**EXERCISE**
Would you return the data below exactly as it stands, with every picture left out?

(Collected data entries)

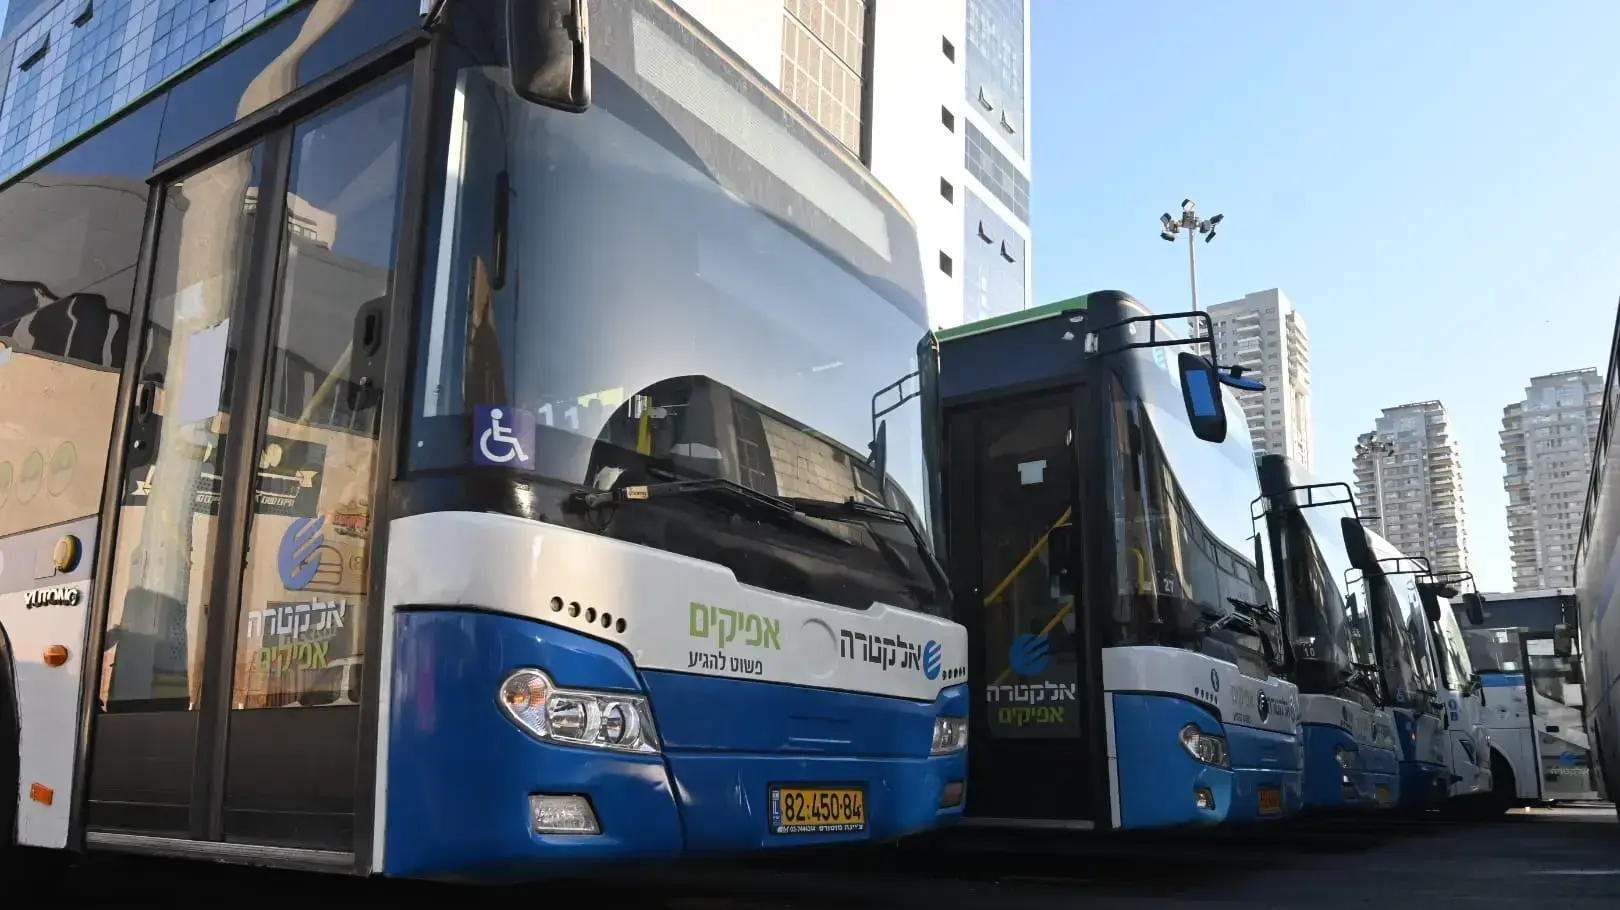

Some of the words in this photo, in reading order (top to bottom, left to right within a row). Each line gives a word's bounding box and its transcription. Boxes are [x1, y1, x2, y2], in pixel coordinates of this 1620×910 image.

[24, 588, 80, 609] YUTONG
[247, 596, 346, 639] אלקטרה
[690, 602, 781, 650] אפיקים
[257, 641, 329, 678] אפיקים
[687, 651, 726, 670] להגיע
[840, 629, 921, 671] אלקטרה
[730, 657, 763, 675] פשוט
[986, 680, 1076, 704] אלקטרה
[998, 707, 1064, 727] אפיקים

**SOLUTION FOR THIS EXERCISE**
Some of the words in this photo, in reading order (top to bottom, left to right within a row). Each line gives a word's bounding box and its transcription. Boxes are [x1, y1, x2, y2], in pixel coordinates of this 1620×910 image.

[24, 588, 80, 609] YUTONG
[247, 596, 346, 639] אלקטרה
[690, 602, 781, 650] אפיקים
[257, 641, 329, 678] אפיקים
[687, 651, 726, 670] להגיע
[840, 629, 921, 671] אלקטרה
[730, 657, 763, 675] פשוט
[986, 680, 1076, 704] אלקטרה
[998, 707, 1064, 727] אפיקים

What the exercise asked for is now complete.